#### [TASK BRIEF]
What you give back should be exactly the lines from the one with "Some of the text" through the final line of the material, pictures removed; please add nothing.

#### [DATA SHOWN]
────

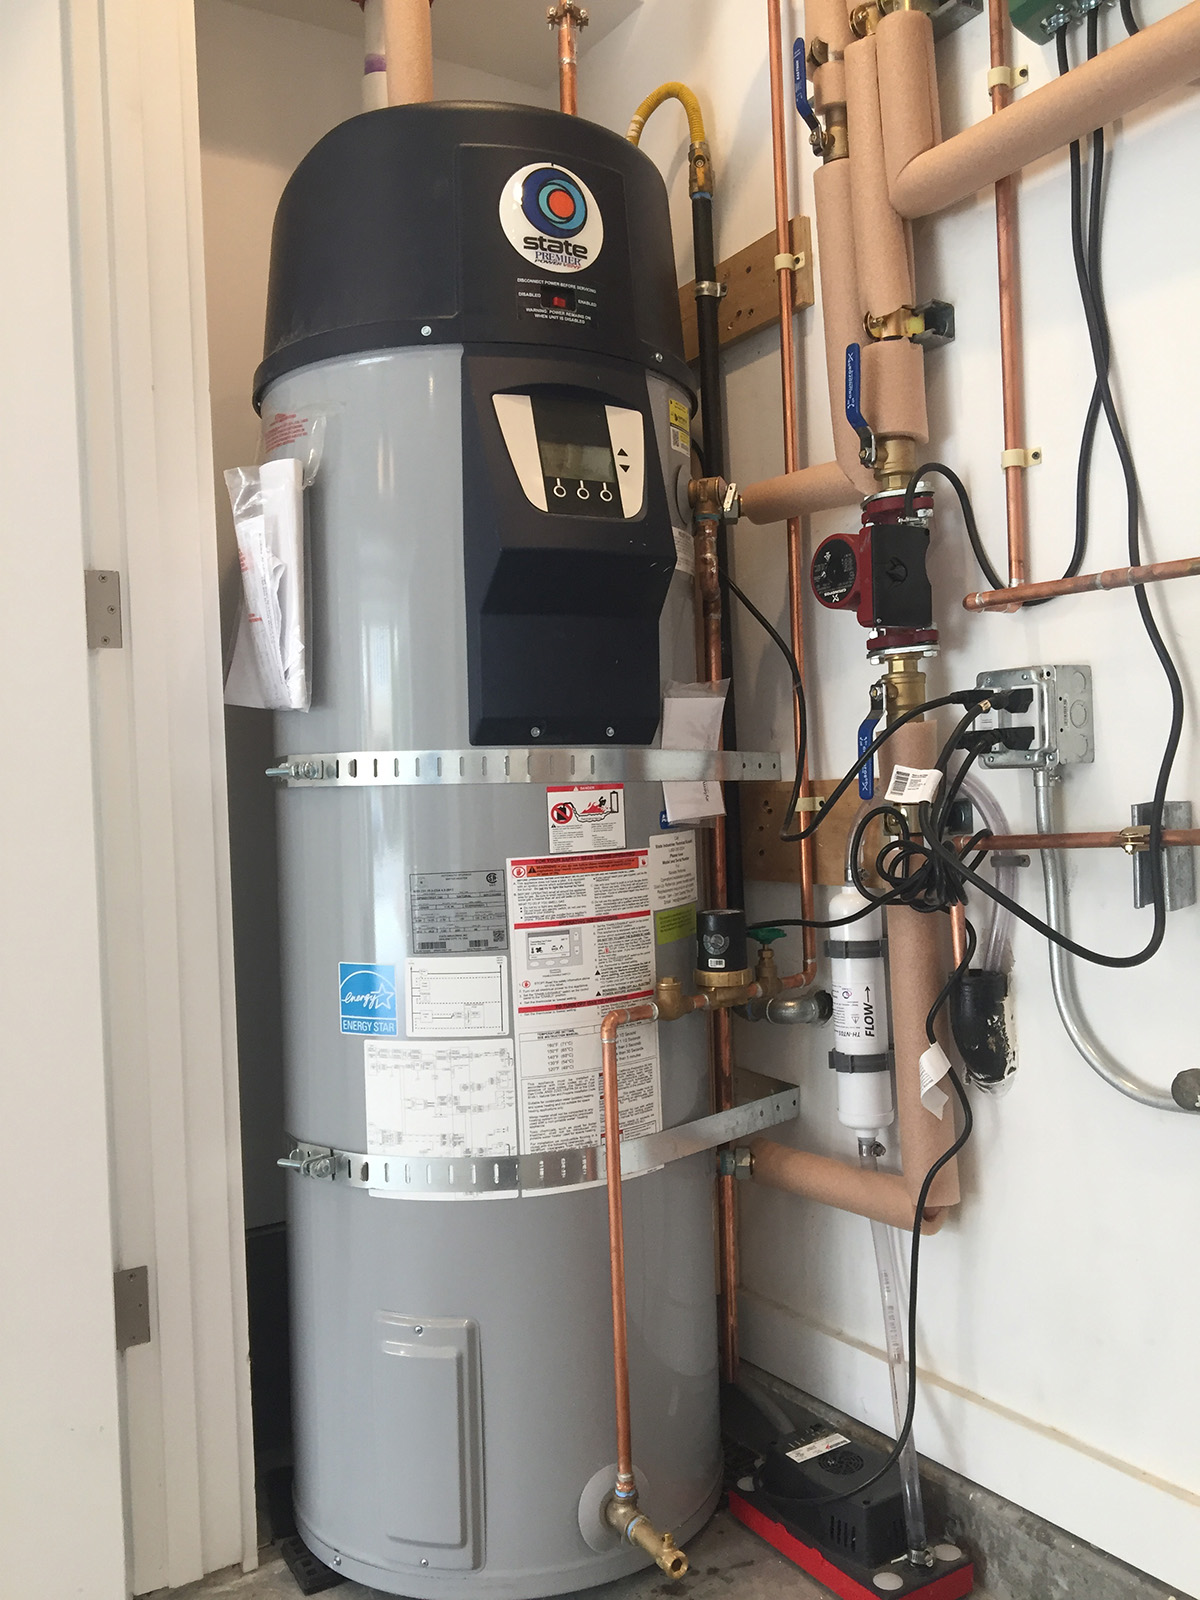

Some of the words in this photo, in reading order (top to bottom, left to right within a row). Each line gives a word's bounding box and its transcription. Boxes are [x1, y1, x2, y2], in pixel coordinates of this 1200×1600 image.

[523, 236, 588, 260] state
[535, 252, 582, 265] PREMIER
[577, 285, 597, 294] SERVICING
[578, 300, 598, 308] ENABLED
[342, 991, 378, 1010] energy
[342, 1020, 372, 1032] ENERGY
[373, 1021, 394, 1032] STAR
[863, 1002, 875, 1037] FLOW
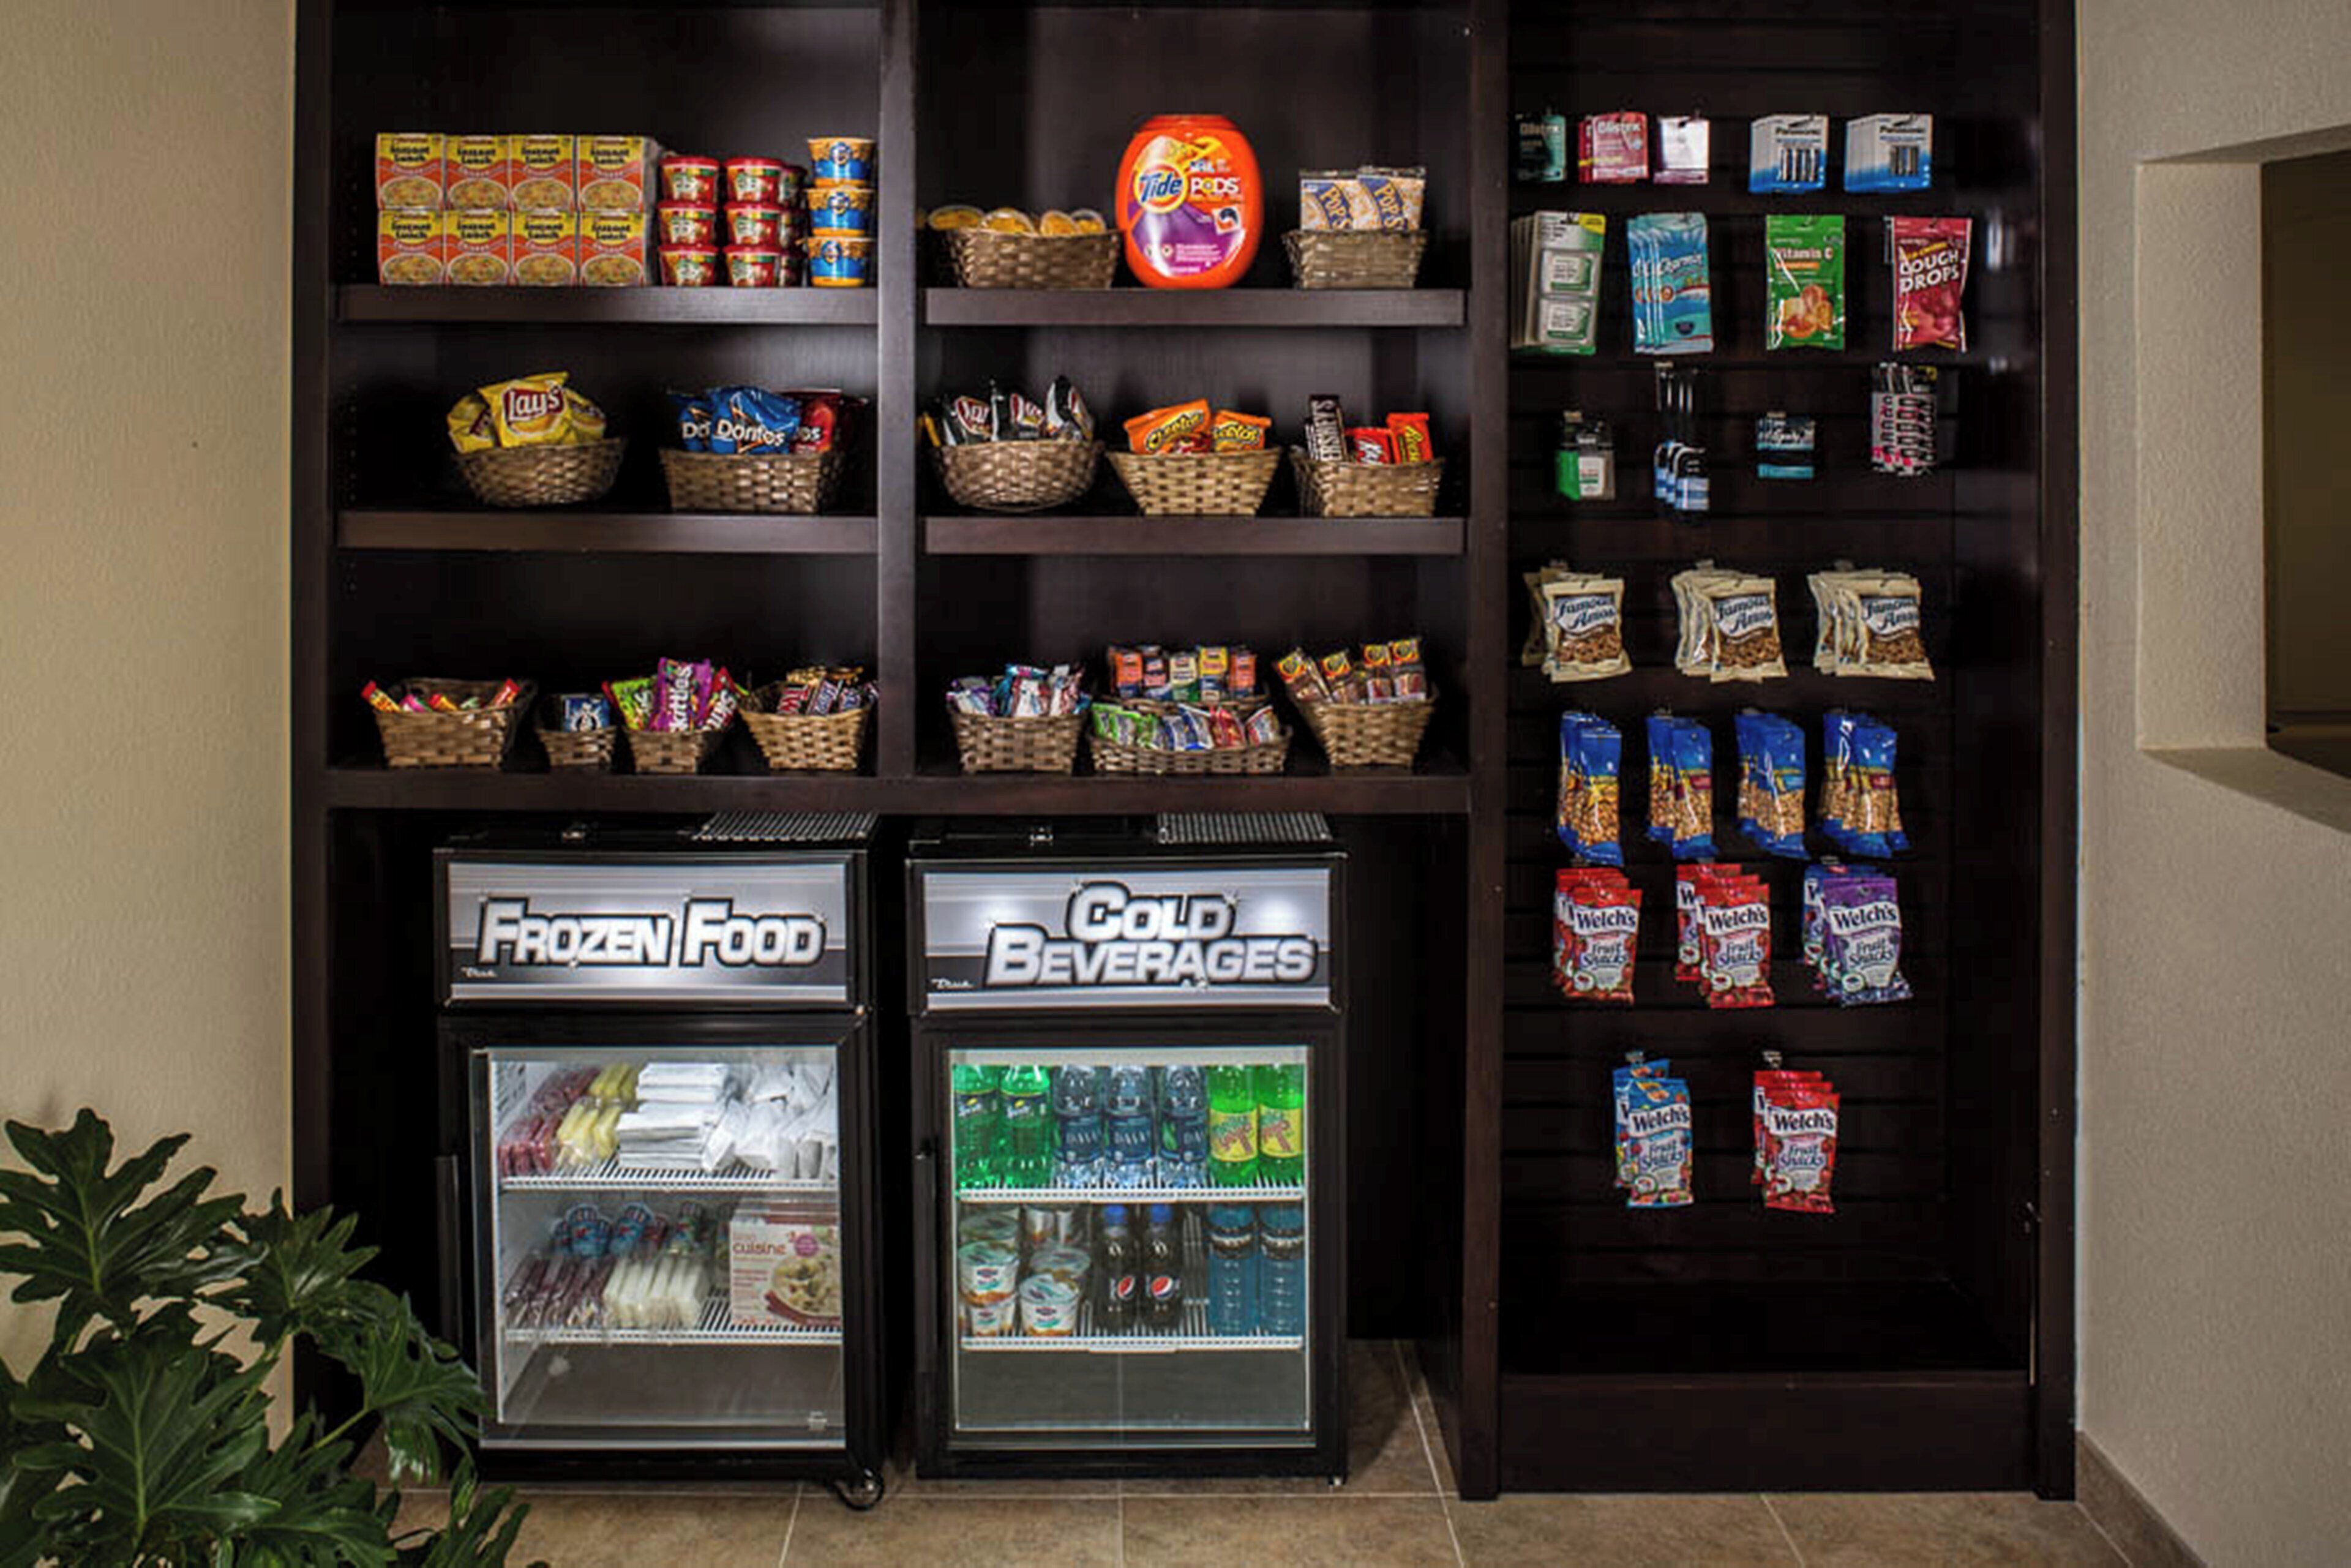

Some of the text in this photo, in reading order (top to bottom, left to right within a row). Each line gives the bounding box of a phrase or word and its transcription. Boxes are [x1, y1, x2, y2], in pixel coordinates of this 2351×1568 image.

[1139, 174, 1182, 204] Tide
[1191, 177, 1240, 193] PODS
[1900, 250, 1958, 274] COUGH
[1900, 266, 1959, 293] DROPS
[508, 389, 560, 421] Lay's
[716, 419, 786, 446] Doritos
[1070, 882, 1233, 941] COLD
[1577, 909, 1636, 928] Welch's
[1709, 908, 1768, 929] Welch's
[1834, 904, 1897, 929] Welch's
[478, 899, 824, 966] FROZEN FOOD
[987, 925, 1315, 984] BEVERAGES
[1633, 1103, 1690, 1131] Welch's
[1775, 1110, 1834, 1130] Welch's
[733, 1242, 786, 1255] cuisine
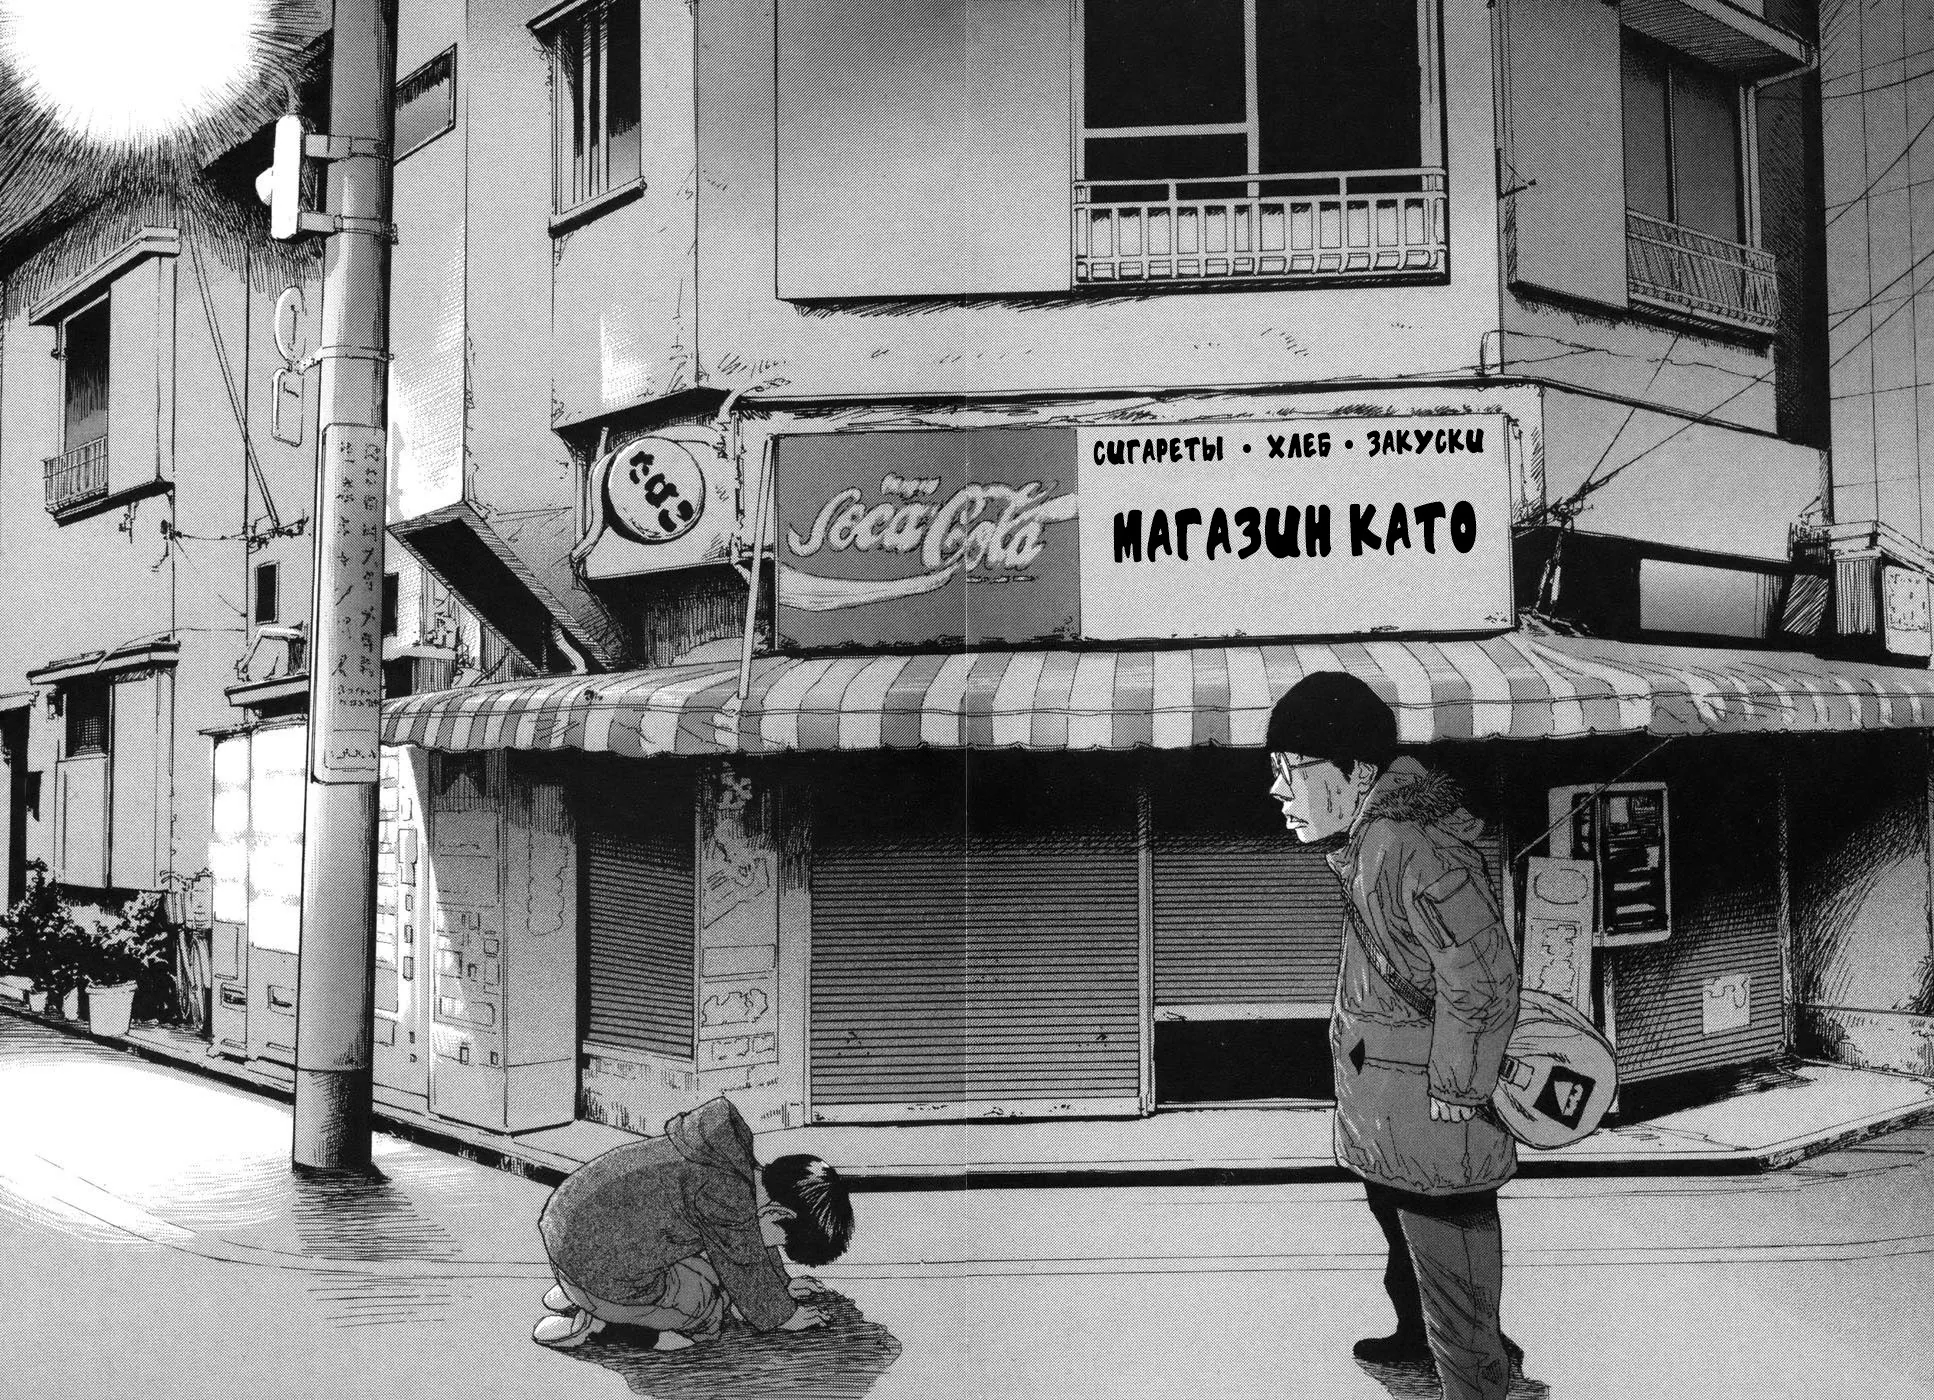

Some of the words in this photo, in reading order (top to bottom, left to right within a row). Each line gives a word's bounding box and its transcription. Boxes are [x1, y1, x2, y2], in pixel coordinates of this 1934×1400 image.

────

#### [ANSWER BELOW]
Some of the text in this photo, in reading order (top to bottom, left to right within a row). Each line gives the bounding box of a phrase or word and its transcription. Boxes are [x1, y1, x2, y2], in pixel coordinates of this 2351×1568 image.

[1139, 174, 1182, 204] Tide
[1191, 177, 1240, 193] PODS
[1900, 250, 1958, 274] COUGH
[1900, 266, 1959, 293] DROPS
[508, 389, 560, 421] Lay's
[716, 419, 786, 446] Doritos
[1070, 882, 1233, 941] COLD
[1577, 909, 1636, 928] Welch's
[1709, 908, 1768, 929] Welch's
[1834, 904, 1897, 929] Welch's
[478, 899, 824, 966] FROZEN FOOD
[987, 925, 1315, 984] BEVERAGES
[1633, 1103, 1690, 1131] Welch's
[1775, 1110, 1834, 1130] Welch's
[733, 1242, 786, 1255] cuisine

Some of the words in this photo, in reading order (top to bottom, left to right within a row). Each line gives a word's bounding box and its transcription. Boxes are [x1, y1, x2, y2], in pixel coordinates of this 1934×1400 image.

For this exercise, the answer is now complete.